Work instructions — The entries are to be repeated verbatim, with nothing left out.

Information Start Marker

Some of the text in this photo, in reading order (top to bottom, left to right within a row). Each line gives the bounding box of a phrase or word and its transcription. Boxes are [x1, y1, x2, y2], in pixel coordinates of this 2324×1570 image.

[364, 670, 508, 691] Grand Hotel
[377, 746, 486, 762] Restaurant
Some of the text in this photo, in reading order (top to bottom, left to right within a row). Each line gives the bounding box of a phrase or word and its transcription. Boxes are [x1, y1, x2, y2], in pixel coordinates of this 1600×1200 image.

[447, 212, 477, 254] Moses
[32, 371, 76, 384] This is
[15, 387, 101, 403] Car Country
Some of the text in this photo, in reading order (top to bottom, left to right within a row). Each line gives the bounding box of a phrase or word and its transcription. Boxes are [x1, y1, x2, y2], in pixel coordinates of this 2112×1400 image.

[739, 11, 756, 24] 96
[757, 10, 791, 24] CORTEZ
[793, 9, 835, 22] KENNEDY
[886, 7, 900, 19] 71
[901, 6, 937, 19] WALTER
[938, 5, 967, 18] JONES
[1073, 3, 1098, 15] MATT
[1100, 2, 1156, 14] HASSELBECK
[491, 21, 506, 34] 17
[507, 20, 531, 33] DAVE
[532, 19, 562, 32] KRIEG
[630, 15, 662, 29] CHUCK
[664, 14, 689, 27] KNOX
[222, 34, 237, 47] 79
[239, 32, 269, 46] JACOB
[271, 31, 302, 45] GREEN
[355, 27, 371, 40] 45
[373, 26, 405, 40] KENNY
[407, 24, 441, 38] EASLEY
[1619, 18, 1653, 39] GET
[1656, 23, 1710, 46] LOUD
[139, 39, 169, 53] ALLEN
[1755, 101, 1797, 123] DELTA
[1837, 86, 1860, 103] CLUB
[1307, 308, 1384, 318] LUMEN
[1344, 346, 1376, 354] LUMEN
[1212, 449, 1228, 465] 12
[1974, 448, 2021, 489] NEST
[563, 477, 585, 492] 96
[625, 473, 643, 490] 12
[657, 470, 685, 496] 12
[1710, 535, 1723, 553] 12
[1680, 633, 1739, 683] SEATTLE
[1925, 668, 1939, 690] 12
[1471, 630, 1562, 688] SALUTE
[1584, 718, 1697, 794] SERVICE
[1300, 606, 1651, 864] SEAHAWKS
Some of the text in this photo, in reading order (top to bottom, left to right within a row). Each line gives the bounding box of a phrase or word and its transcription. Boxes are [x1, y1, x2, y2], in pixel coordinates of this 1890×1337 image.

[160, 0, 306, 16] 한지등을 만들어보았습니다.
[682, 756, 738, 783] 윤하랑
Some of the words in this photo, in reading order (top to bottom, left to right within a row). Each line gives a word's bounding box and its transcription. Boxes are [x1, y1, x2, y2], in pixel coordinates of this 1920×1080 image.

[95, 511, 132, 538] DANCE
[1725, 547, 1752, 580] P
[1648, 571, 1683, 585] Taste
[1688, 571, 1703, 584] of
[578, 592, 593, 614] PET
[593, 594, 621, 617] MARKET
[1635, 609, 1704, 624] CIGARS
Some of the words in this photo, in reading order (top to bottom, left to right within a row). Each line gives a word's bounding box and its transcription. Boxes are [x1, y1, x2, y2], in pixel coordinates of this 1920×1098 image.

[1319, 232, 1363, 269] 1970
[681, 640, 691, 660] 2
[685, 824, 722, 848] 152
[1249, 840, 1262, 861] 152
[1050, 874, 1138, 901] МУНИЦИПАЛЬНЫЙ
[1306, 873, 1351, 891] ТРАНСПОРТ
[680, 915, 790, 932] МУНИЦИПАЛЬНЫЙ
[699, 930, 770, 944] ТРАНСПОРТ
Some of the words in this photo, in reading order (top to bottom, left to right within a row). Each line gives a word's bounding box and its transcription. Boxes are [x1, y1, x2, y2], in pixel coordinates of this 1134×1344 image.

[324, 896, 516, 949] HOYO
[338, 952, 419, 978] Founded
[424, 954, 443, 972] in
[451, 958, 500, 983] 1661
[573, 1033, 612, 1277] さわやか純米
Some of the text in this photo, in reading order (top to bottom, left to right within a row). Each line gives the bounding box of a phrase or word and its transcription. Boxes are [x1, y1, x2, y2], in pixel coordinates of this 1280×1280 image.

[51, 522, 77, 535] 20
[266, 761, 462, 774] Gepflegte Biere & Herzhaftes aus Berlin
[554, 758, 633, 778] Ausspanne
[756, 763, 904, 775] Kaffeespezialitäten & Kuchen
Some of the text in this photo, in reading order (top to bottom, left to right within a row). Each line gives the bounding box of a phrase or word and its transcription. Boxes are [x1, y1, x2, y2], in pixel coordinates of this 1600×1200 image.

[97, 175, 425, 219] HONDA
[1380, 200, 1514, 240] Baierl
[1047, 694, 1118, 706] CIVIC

Information End Marker

Response to this exercise —
Some of the text in this photo, in reading order (top to bottom, left to right within a row). Each line gives the bounding box of a phrase or word and its transcription. Boxes are [x1, y1, x2, y2], in pixel coordinates of this 2324×1570 image.

[364, 670, 508, 691] Grand Hotel
[377, 746, 486, 762] Restaurant
Some of the text in this photo, in reading order (top to bottom, left to right within a row). Each line gives the bounding box of a phrase or word and its transcription. Boxes are [x1, y1, x2, y2], in pixel coordinates of this 1600×1200 image.

[447, 212, 477, 254] Moses
[32, 371, 76, 384] This is
[15, 387, 101, 403] Car Country
Some of the text in this photo, in reading order (top to bottom, left to right within a row). Each line gives the bounding box of a phrase or word and its transcription. Boxes are [x1, y1, x2, y2], in pixel coordinates of this 2112×1400 image.

[739, 11, 756, 24] 96
[757, 10, 791, 24] CORTEZ
[793, 9, 835, 22] KENNEDY
[886, 7, 900, 19] 71
[901, 6, 937, 19] WALTER
[938, 5, 967, 18] JONES
[1073, 3, 1098, 15] MATT
[1100, 2, 1156, 14] HASSELBECK
[491, 21, 506, 34] 17
[507, 20, 531, 33] DAVE
[532, 19, 562, 32] KRIEG
[630, 15, 662, 29] CHUCK
[664, 14, 689, 27] KNOX
[222, 34, 237, 47] 79
[239, 32, 269, 46] JACOB
[271, 31, 302, 45] GREEN
[355, 27, 371, 40] 45
[373, 26, 405, 40] KENNY
[407, 24, 441, 38] EASLEY
[1619, 18, 1653, 39] GET
[1656, 23, 1710, 46] LOUD
[139, 39, 169, 53] ALLEN
[1755, 101, 1797, 123] DELTA
[1837, 86, 1860, 103] CLUB
[1307, 308, 1384, 318] LUMEN
[1344, 346, 1376, 354] LUMEN
[1212, 449, 1228, 465] 12
[1974, 448, 2021, 489] NEST
[563, 477, 585, 492] 96
[625, 473, 643, 490] 12
[657, 470, 685, 496] 12
[1710, 535, 1723, 553] 12
[1680, 633, 1739, 683] SEATTLE
[1925, 668, 1939, 690] 12
[1471, 630, 1562, 688] SALUTE
[1584, 718, 1697, 794] SERVICE
[1300, 606, 1651, 864] SEAHAWKS
Some of the text in this photo, in reading order (top to bottom, left to right within a row). Each line gives the bounding box of a phrase or word and its transcription. Boxes are [x1, y1, x2, y2], in pixel coordinates of this 1890×1337 image.

[160, 0, 306, 16] 한지등을 만들어보았습니다.
[682, 756, 738, 783] 윤하랑
Some of the words in this photo, in reading order (top to bottom, left to right within a row). Each line gives a word's bounding box and its transcription. Boxes are [x1, y1, x2, y2], in pixel coordinates of this 1920×1080 image.

[95, 511, 132, 538] DANCE
[1725, 547, 1752, 580] P
[1648, 571, 1683, 585] Taste
[1688, 571, 1703, 584] of
[578, 592, 593, 614] PET
[593, 594, 621, 617] MARKET
[1635, 609, 1704, 624] CIGARS
Some of the words in this photo, in reading order (top to bottom, left to right within a row). Each line gives a word's bounding box and its transcription. Boxes are [x1, y1, x2, y2], in pixel coordinates of this 1920×1098 image.

[1319, 232, 1363, 269] 1970
[681, 640, 691, 660] 2
[685, 824, 722, 848] 152
[1249, 840, 1262, 861] 152
[1050, 874, 1138, 901] МУНИЦИПАЛЬНЫЙ
[1306, 873, 1351, 891] ТРАНСПОРТ
[680, 915, 790, 932] МУНИЦИПАЛЬНЫЙ
[699, 930, 770, 944] ТРАНСПОРТ
Some of the words in this photo, in reading order (top to bottom, left to right within a row). Each line gives a word's bounding box and its transcription. Boxes are [x1, y1, x2, y2], in pixel coordinates of this 1134×1344 image.

[324, 896, 516, 949] HOYO
[338, 952, 419, 978] Founded
[424, 954, 443, 972] in
[451, 958, 500, 983] 1661
[573, 1033, 612, 1277] さわやか純米
Some of the text in this photo, in reading order (top to bottom, left to right within a row). Each line gives the bounding box of a phrase or word and its transcription. Boxes are [x1, y1, x2, y2], in pixel coordinates of this 1280×1280 image.

[51, 522, 77, 535] 20
[266, 761, 462, 774] Gepflegte Biere & Herzhaftes aus Berlin
[554, 758, 633, 778] Ausspanne
[756, 763, 904, 775] Kaffeespezialitäten & Kuchen
Some of the text in this photo, in reading order (top to bottom, left to right within a row). Each line gives the bounding box of a phrase or word and its transcription. Boxes are [x1, y1, x2, y2], in pixel coordinates of this 1600×1200 image.

[97, 175, 425, 219] HONDA
[1380, 200, 1514, 240] Baierl
[1047, 694, 1118, 706] CIVIC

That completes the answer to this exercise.